**TASK DIRECTIONS**
An exact reproduction of the records is required, with all pictures omitted.

Saved entries
☆ ☆ ☆ ☆ ☆ ☆ ☆

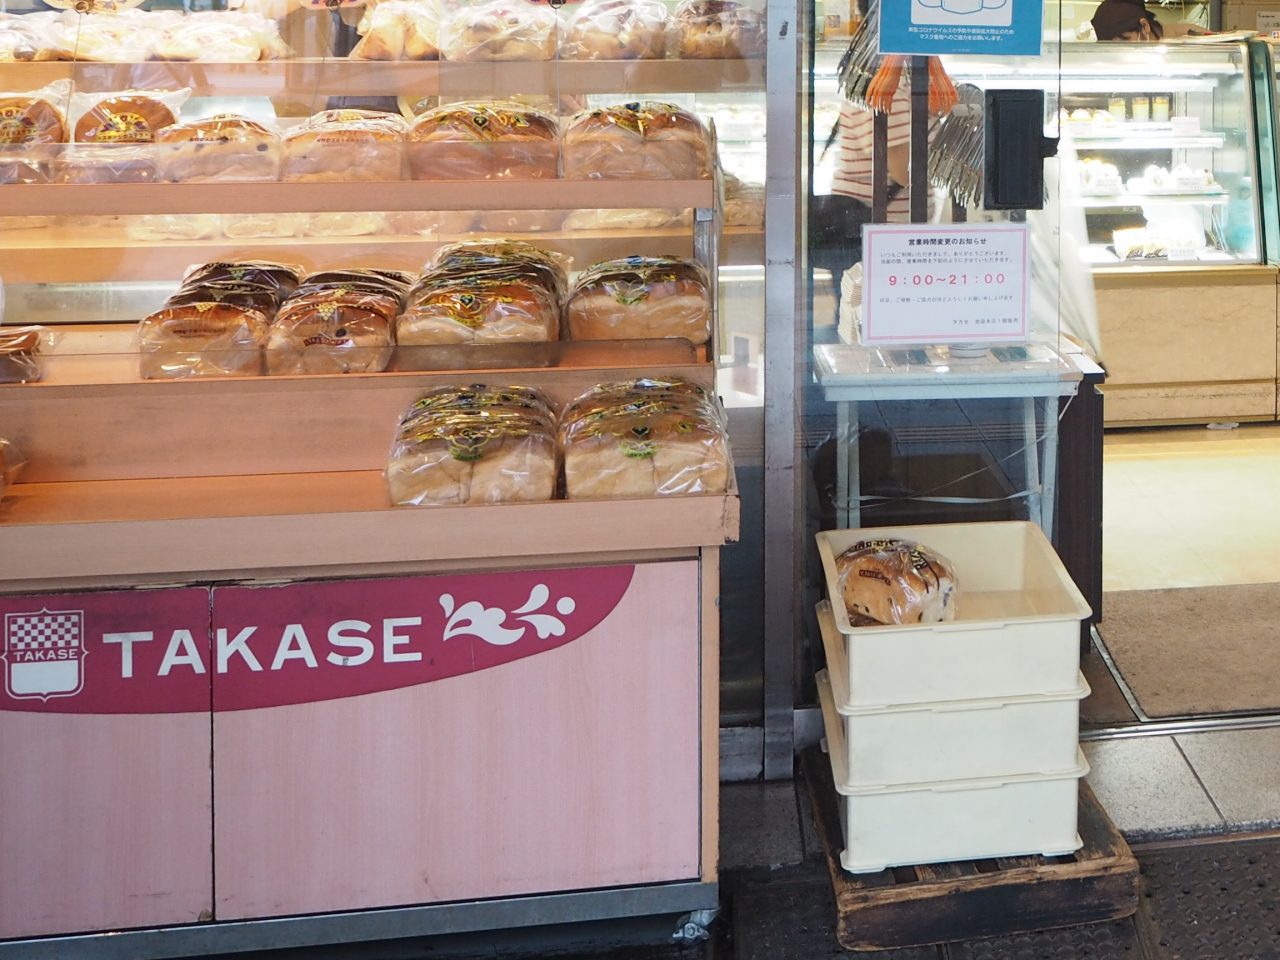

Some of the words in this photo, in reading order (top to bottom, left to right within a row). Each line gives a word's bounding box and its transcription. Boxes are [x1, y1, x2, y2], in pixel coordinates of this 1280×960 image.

[908, 237, 988, 247] 営業時間変更のお知らせ
[102, 616, 423, 679] TAKASE
[13, 648, 79, 662] TAKASE
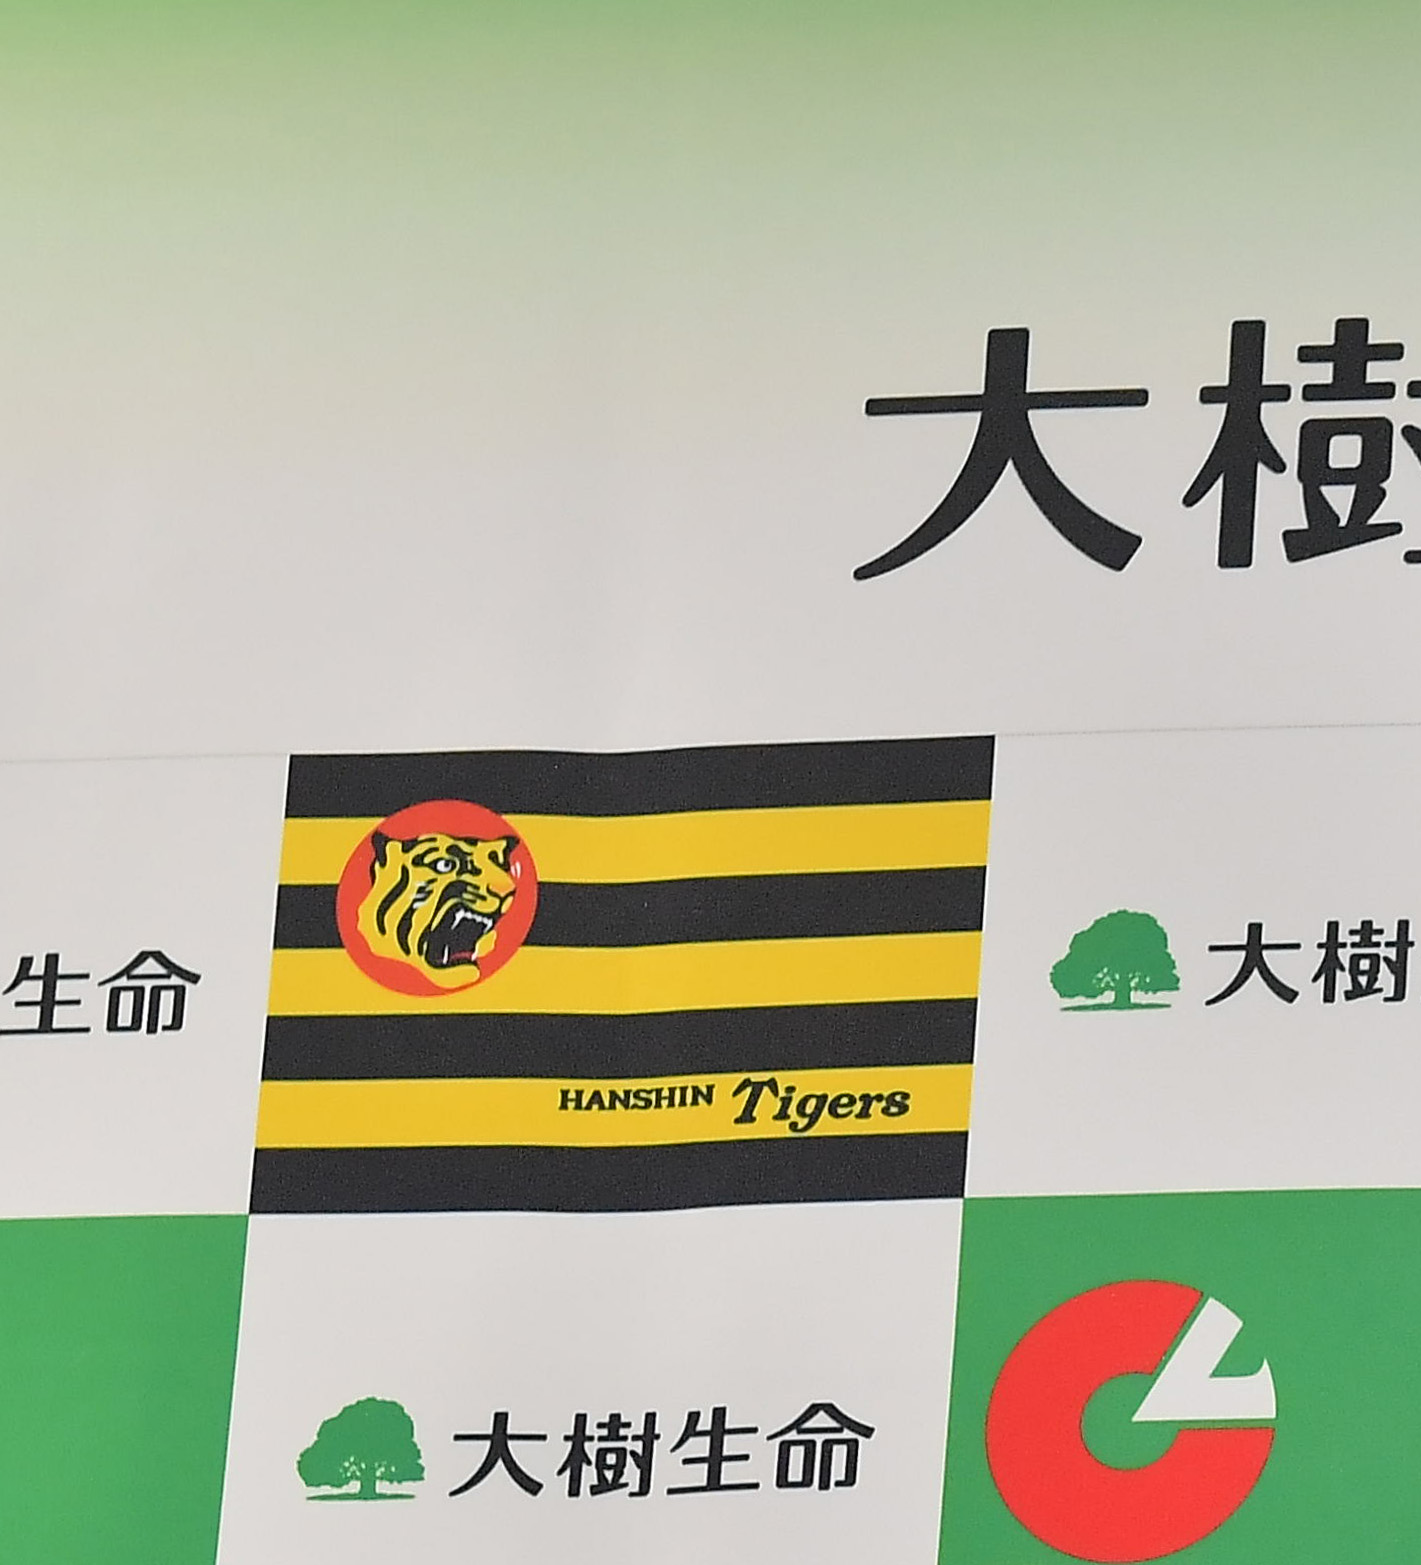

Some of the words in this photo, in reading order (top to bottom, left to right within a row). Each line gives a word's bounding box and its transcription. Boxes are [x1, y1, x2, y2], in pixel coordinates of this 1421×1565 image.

[559, 1083, 716, 1113] HANSHIN
[731, 1077, 912, 1134] Tigers
[448, 1402, 876, 1499] 大樹生命
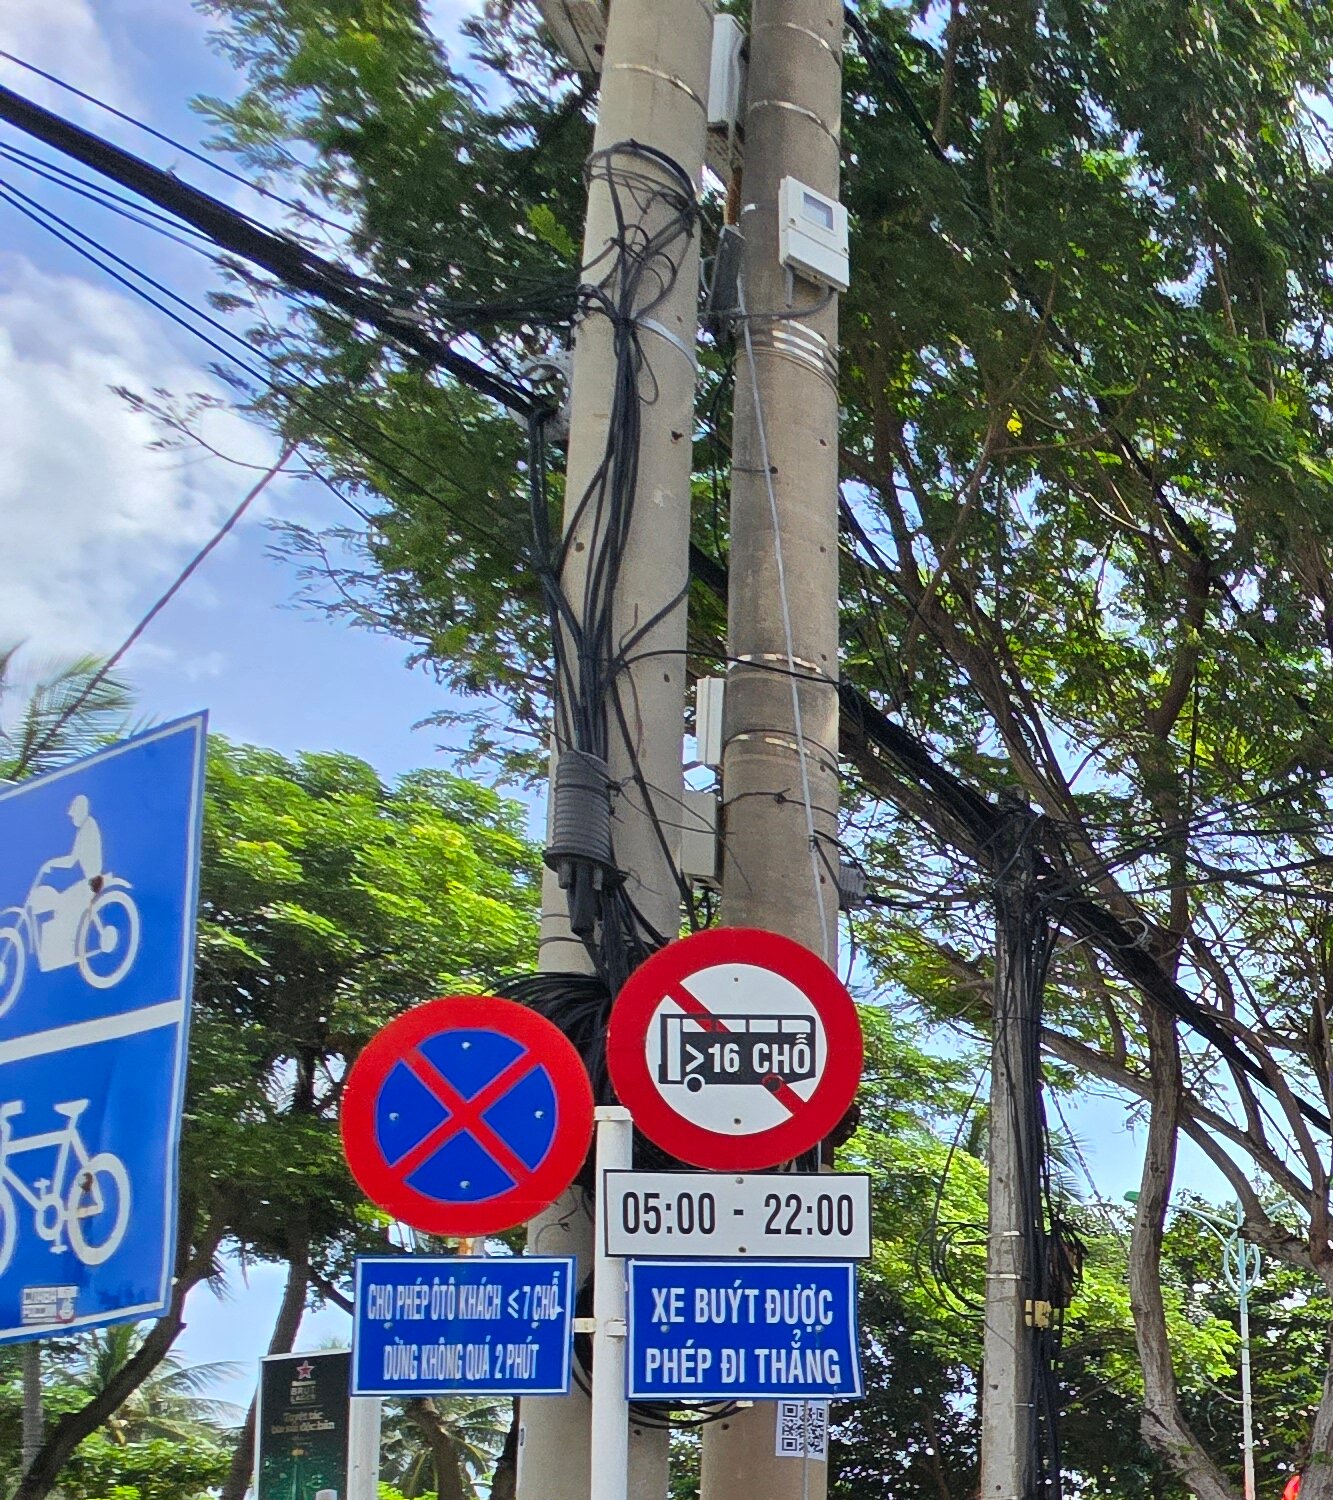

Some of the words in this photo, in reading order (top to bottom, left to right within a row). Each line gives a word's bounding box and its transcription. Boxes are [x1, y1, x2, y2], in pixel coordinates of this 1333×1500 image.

[752, 1033, 811, 1074] CHỖ
[622, 1191, 716, 1235] 05:00
[764, 1193, 854, 1236] 22:00
[367, 1283, 393, 1320] CHO
[396, 1277, 430, 1320] PHÉP
[431, 1276, 456, 1320] ÔTÔ
[459, 1276, 502, 1320] KHÁCH
[532, 1270, 561, 1320] CHỖ
[651, 1287, 685, 1323] XE
[695, 1279, 760, 1324] BUÝT
[765, 1283, 833, 1333] ĐƯỢC
[383, 1336, 419, 1380] DỪNG
[420, 1336, 463, 1380] KHÔNG
[465, 1335, 491, 1381] QUÁ
[495, 1343, 503, 1379] 2
[505, 1336, 540, 1379] PHÚT
[645, 1339, 712, 1384] PHÉP
[720, 1348, 746, 1384] ĐI
[755, 1329, 842, 1385] THẲNG
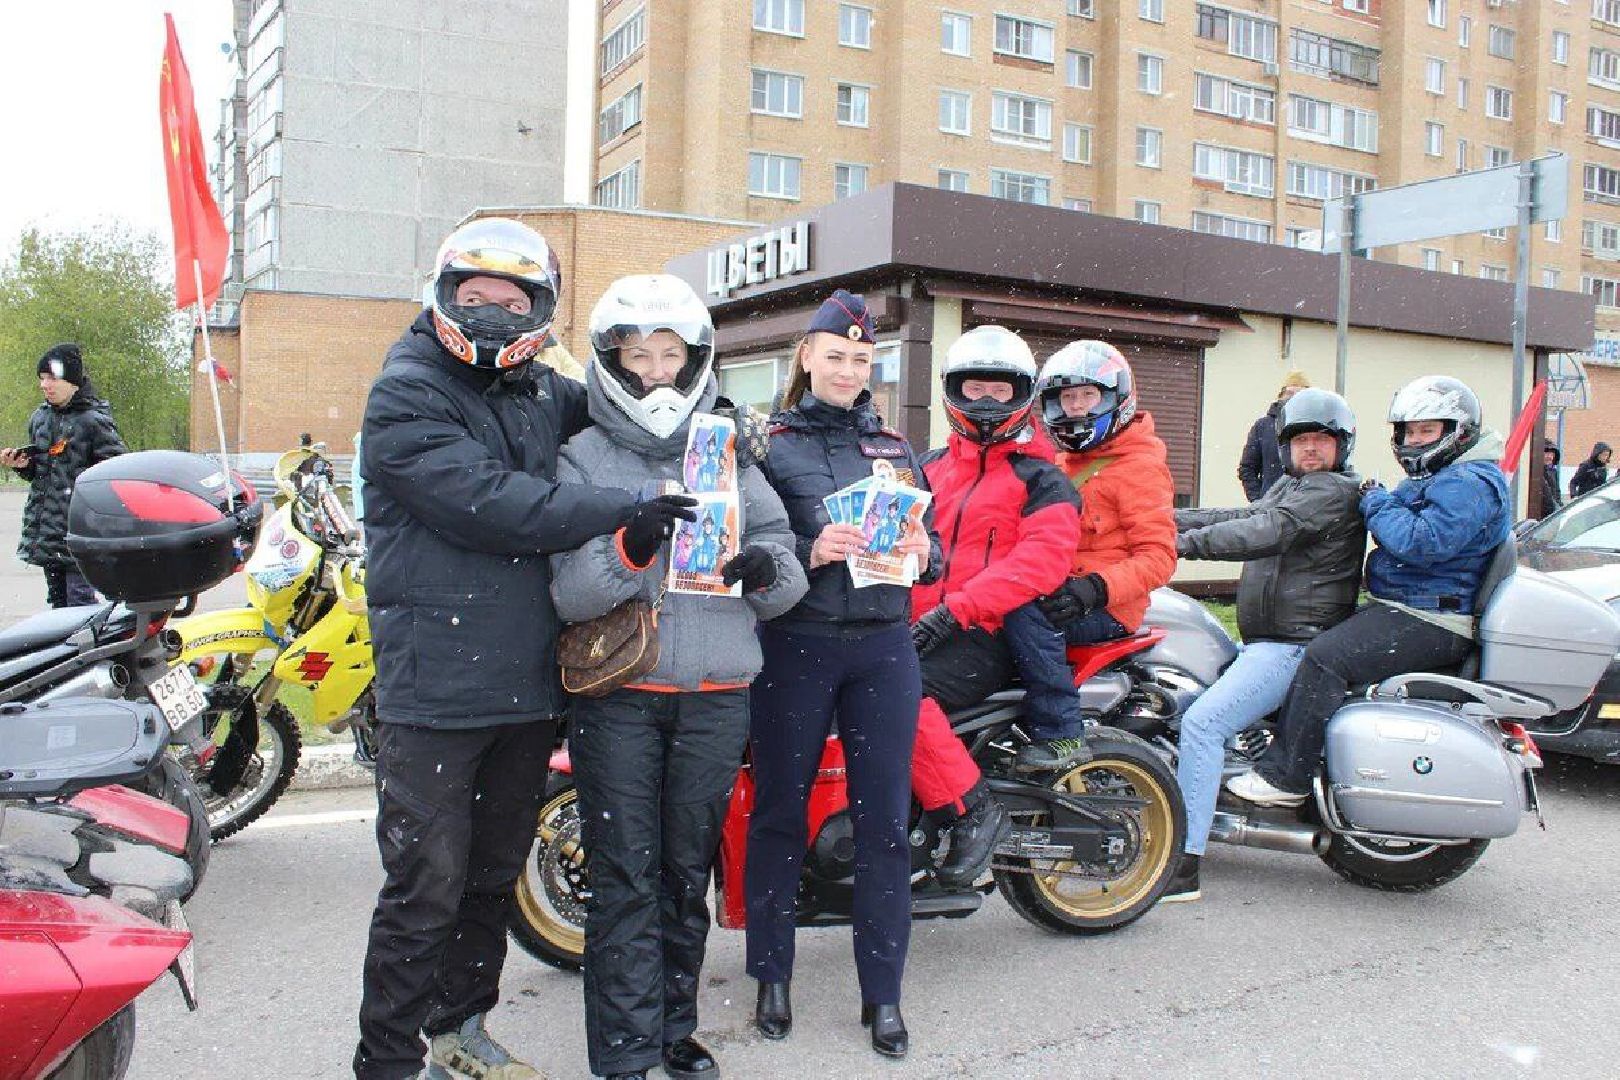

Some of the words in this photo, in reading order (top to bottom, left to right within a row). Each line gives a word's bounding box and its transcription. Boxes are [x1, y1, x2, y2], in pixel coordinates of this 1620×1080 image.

[707, 221, 810, 298] ЦВЕТЫ
[155, 667, 190, 700] 2671
[185, 690, 204, 711] 50

☆ ☆ ☆ ☆ ☆ ☆ ☆

**ANSWER TO THE PROBLEM**
Some of the words in this photo, in reading order (top to bottom, left to right within a row). Each line gives a word's bounding box and its transcription. Boxes are [x1, y1, x2, y2], in pixel coordinates of this 1280×960 image.

[908, 237, 988, 247] 営業時間変更のお知らせ
[102, 616, 423, 679] TAKASE
[13, 648, 79, 662] TAKASE

Some of the words in this photo, in reading order (top to bottom, left to right within a row). Each line gives a word's bounding box and its transcription. Boxes are [x1, y1, x2, y2], in pixel coordinates of this 1421×1565 image.

[559, 1083, 716, 1113] HANSHIN
[731, 1077, 912, 1134] Tigers
[448, 1402, 876, 1499] 大樹生命

Some of the words in this photo, in reading order (top to bottom, left to right within a row). Each line gives a word's bounding box and its transcription. Boxes are [x1, y1, x2, y2], in pixel coordinates of this 1333×1500 image.

[752, 1033, 811, 1074] CHỖ
[622, 1191, 716, 1235] 05:00
[764, 1193, 854, 1236] 22:00
[367, 1283, 393, 1320] CHO
[396, 1277, 430, 1320] PHÉP
[431, 1276, 456, 1320] ÔTÔ
[459, 1276, 502, 1320] KHÁCH
[532, 1270, 561, 1320] CHỖ
[651, 1287, 685, 1323] XE
[695, 1279, 760, 1324] BUÝT
[765, 1283, 833, 1333] ĐƯỢC
[383, 1336, 419, 1380] DỪNG
[420, 1336, 463, 1380] KHÔNG
[465, 1335, 491, 1381] QUÁ
[495, 1343, 503, 1379] 2
[505, 1336, 540, 1379] PHÚT
[645, 1339, 712, 1384] PHÉP
[720, 1348, 746, 1384] ĐI
[755, 1329, 842, 1385] THẲNG

Some of the words in this photo, in reading order (top to bottom, left to right within a row). Each line gives a word's bounding box and its transcription. Boxes are [x1, y1, x2, y2], in pixel coordinates of this 1620×1080 image.

[707, 221, 810, 298] ЦВЕТЫ
[155, 667, 190, 700] 2671
[185, 690, 204, 711] 50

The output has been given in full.